» **DIRECTIONS**
What is needed is a faithful copy of all the entries, with no pictures in it.

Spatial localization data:
_ _ _ _ _
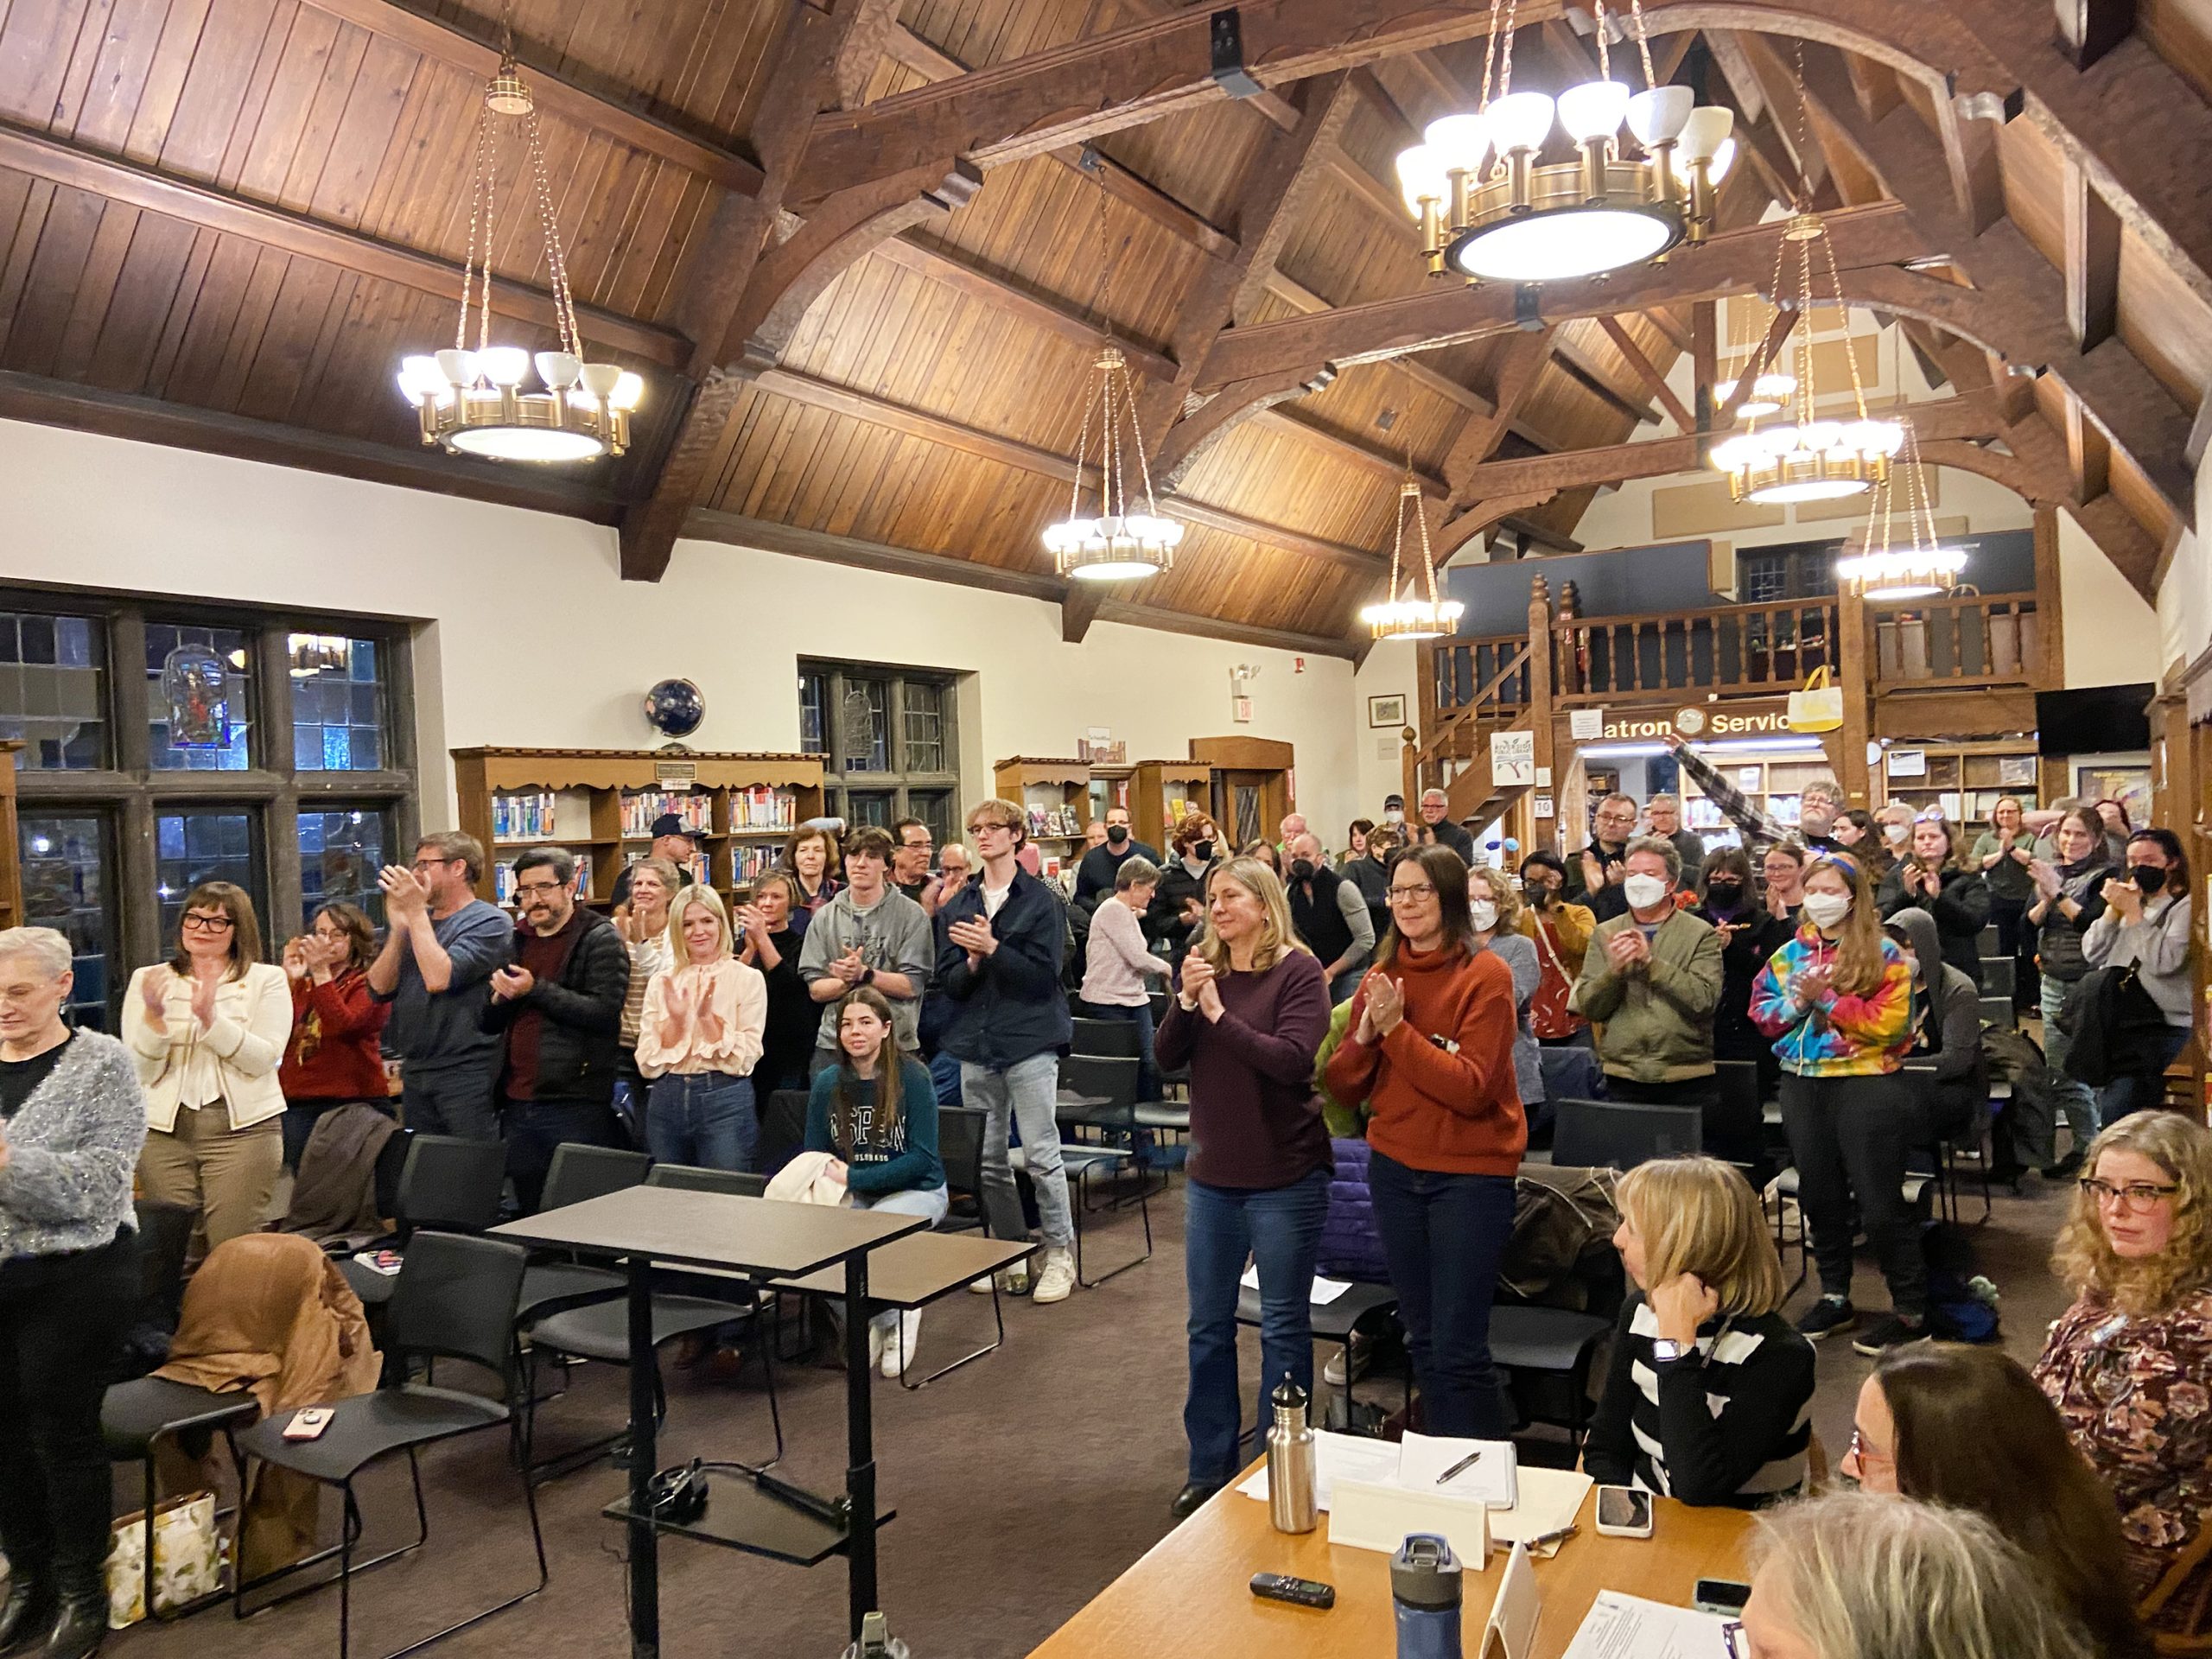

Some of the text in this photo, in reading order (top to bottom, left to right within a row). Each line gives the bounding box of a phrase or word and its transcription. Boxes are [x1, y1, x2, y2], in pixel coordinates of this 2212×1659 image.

[1604, 720, 1671, 739] atron
[1711, 712, 1789, 734] Servic
[1537, 802, 1549, 811] 10
[854, 1154, 889, 1162] OLORADO
_ _ _ _ _
» **ANSWER TO THE EXERCISE**
Some of the text in this photo, in reading order (top to bottom, left to right within a row). Each line gives the bounding box of a phrase or word and its transcription. Boxes are [x1, y1, x2, y2], in pixel coordinates of this 2212×1659 image.

[1604, 720, 1671, 739] atron
[1711, 712, 1789, 734] Servic
[1537, 802, 1549, 811] 10
[854, 1154, 889, 1162] OLORADO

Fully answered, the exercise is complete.